How then do you learn to function efficiently in clinic? Preparation is key. Most patients attending outpatient clinics have been seen previously in the healthcare system. Important information about the patient is therefore frequently contained within the computer system, old charts, etc. In order to make best use of your time, you need to be aware of this information. I call this process "previewing" the patient and use the accompanying preview sheet (at end of section) to collect data and prepare for the visit. When participating in a clinic, try the following:

  1. Get to the clinic as early as possible so that you will have time to talk with the preceptor about your role/their specific expectations for you. Assuming that you will be performing the initial patient evaluation on your own, ask the preceptor which patients he/she wants you to see.
  2. Obtain the charts for these patients and find a quiet place to review relevant historical information. Ask the preceptor where additional patient information may be stored (e.g. computerized records, paper charts). When reviewing historical information, pay particular attention to:
    1. The goal of the visit. If you are working with a sub-specialist and this is a first time referral, try to identify the question being asked by the referring provider. If it's a follow-up, determine which issues from the prior visit need to be addressed.
    2. Any active issues which are being addressed in an ongoing fashion (i.e. medical problems which mandate continued reassessment and/or are in the process of being evaluated). This would include problems such as coronary artery disease (which has a tendency to progress); diabetes; shortness of breath or fatigue of as yet undefined etiology, etc. Make note of these problems in the "active issues" section of the preview sheet . Past medical/surgical problems which tend to be static are noted in the PMH/PSH sections. If you are seeing a patient in a general medicine clinic, you'll need to pay attention to most of the active issues. Sub-specialists can obviously be a bit more selective, making note of only those problems that may be related to their field of interest. As such, preview sheets do not necessarily have to be filled out in their entirety.
    3. Current medications.
    4. Past x-rays/studies/labs. Try to focus on those that you think would be relevant to the clinic that you are attending (e.g. cardiology clinics will be interested in past echos and catheterization reports; pulmonary clinics in PFTs, etc). This data is obviously quite important. If you can't find the information that supports a purported diagnosis, make note of this as well, for it may represent one of the many instances where a patient has been labeled with a disease in the absence of appropriate documentation.

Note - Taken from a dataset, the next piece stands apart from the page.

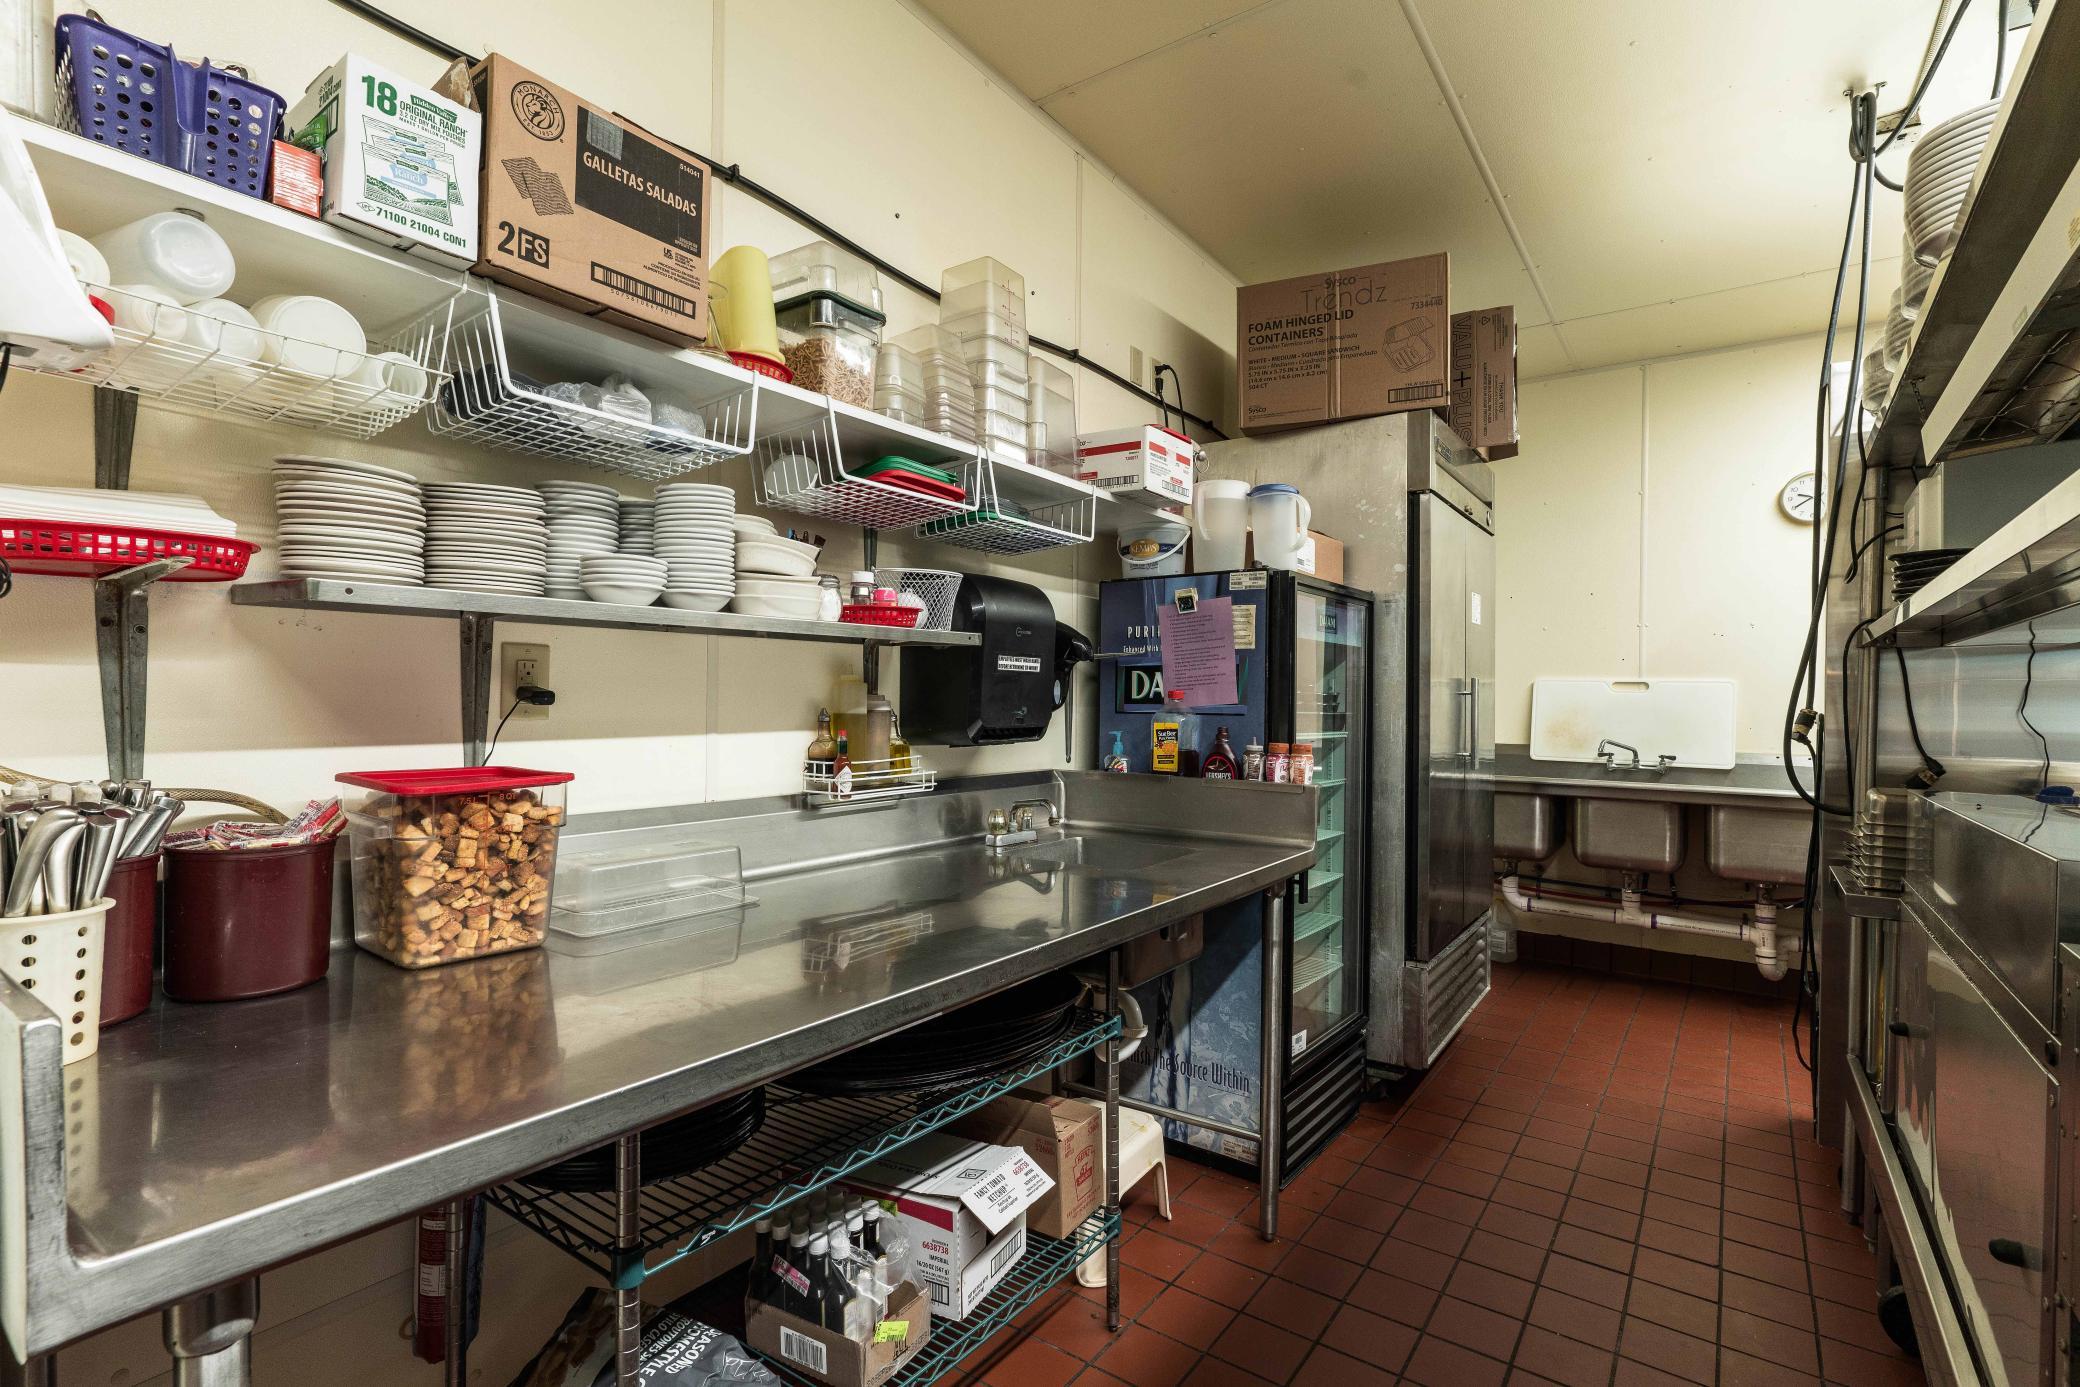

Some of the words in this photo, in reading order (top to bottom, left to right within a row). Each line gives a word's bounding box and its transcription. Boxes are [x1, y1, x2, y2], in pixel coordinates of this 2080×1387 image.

It should take 5-10 minutes to preview a patient. You'll get better with more experience, particularly as you develop a sense of what is truly relevant.

A Word About Style And Substance:

You will all quickly recognize that clinical education is a very heterogenous experience, particularly as it applies to outpatient medicine. Every physician with whom you work will have a different approach to history gathering, note writing, physical examination, diagnostic and therapeutic reasoning, etc. This actually makes perfect sense, as it reflects the fact that there are many ways of "skinning the clinical cat." That is, there is rarely a single, correct way to care for patients. Rather, there are usually a wide array of acceptable approaches, any of which may be appropriate. For students, however, this "clinical richness" can be quite disorienting. Lessons learned in the morning may at times seem contradictory to that which is taught in the afternoon. Instead of viewing this as a negative, I would suggest that you look at it as a great educational opportunity. The actual practice of medicine is as much about style as it is about science. This will be one of the rare moments in your careers when you will get direct exposure to an array of clinical approaches, each of which is likely to be effective in its own right. During these years, you will have to work within the rules that govern a particular practitioner's clinic. While doing this, try to understand the logic behind their practice patterns. Ask yourself if it makes sense and is therefore something which you should permanaently incorporate into the style that you are trying to develop for yourself. Don't lose track of the fact that this is the ultimate goal of these exercises.

Meeting with the Patient:

After examining all of the data, begin the interview by confirming the reason for the visit. Then review all of the historical information that you've uncovered during the previewing process. This provides an opportunity to correct any misinformation/misperceptions that may have been generated. Additional history taking is approached in the usual manner.

At the completion of the interview, leave the room and allow the patient to change into a gown. Return and perform the physical examination, noting the vital signs as well as any pertinent findings on the preview sheet so that you will not forget them. Each visit does not necessarily require a complete physical. Frequently, a focused exam (e.g. a detailed knee evaluation in a patient complaining of pain in that area) is entirely appropriate. Remember, not every patient needs/requires a complete H&P. This would neither be efficient nor revealing. Instead, use your judgment and check with your preceptor for guidance. At the end of the exam, leave the room (or at least pull the curtain) to provide privacy while the patient changes back into their clothes. Take a few moments to think about the information that you've gathered and use it to generate a focused assessment and plan (see below). Depending on your preceptor's practice style, you may either present the case in front of the patient or in private and then go in together to review the details.

The Note

At the end of the visit, the preview sheet contains all of the information that you've gathered both before and during the examination. In addition, it can include a brief assessment and plan for each problem (as discussed below). This leaves you with an inclusive reference document for use in writing your notes at the end of the visit. It also provides a structured means of keeping track of information while at the same time allowing you to focus your attention on the patient during the course of the H&P. The type of note which you write varies with the clinic and reason for the visit. For example, first time visits to an Internal Medicine Clinic are similar to a complete H&P (see that section of the Practical Guide for details). Follow-up notes or those for subspecialty clinics, on the other hand, are much more focused. I'd like to highlight a few special features that I think are particularly relevant to outpatient visits:

Purpose of the visit: Mention at the top of the note why the patient has come to the clinic. This could include: First visit for general care; or routine/scheduled follow-up; or add-on/urgent visit to address a specific concern/issue; or sub-specialty visit to address a very particular problem; etc.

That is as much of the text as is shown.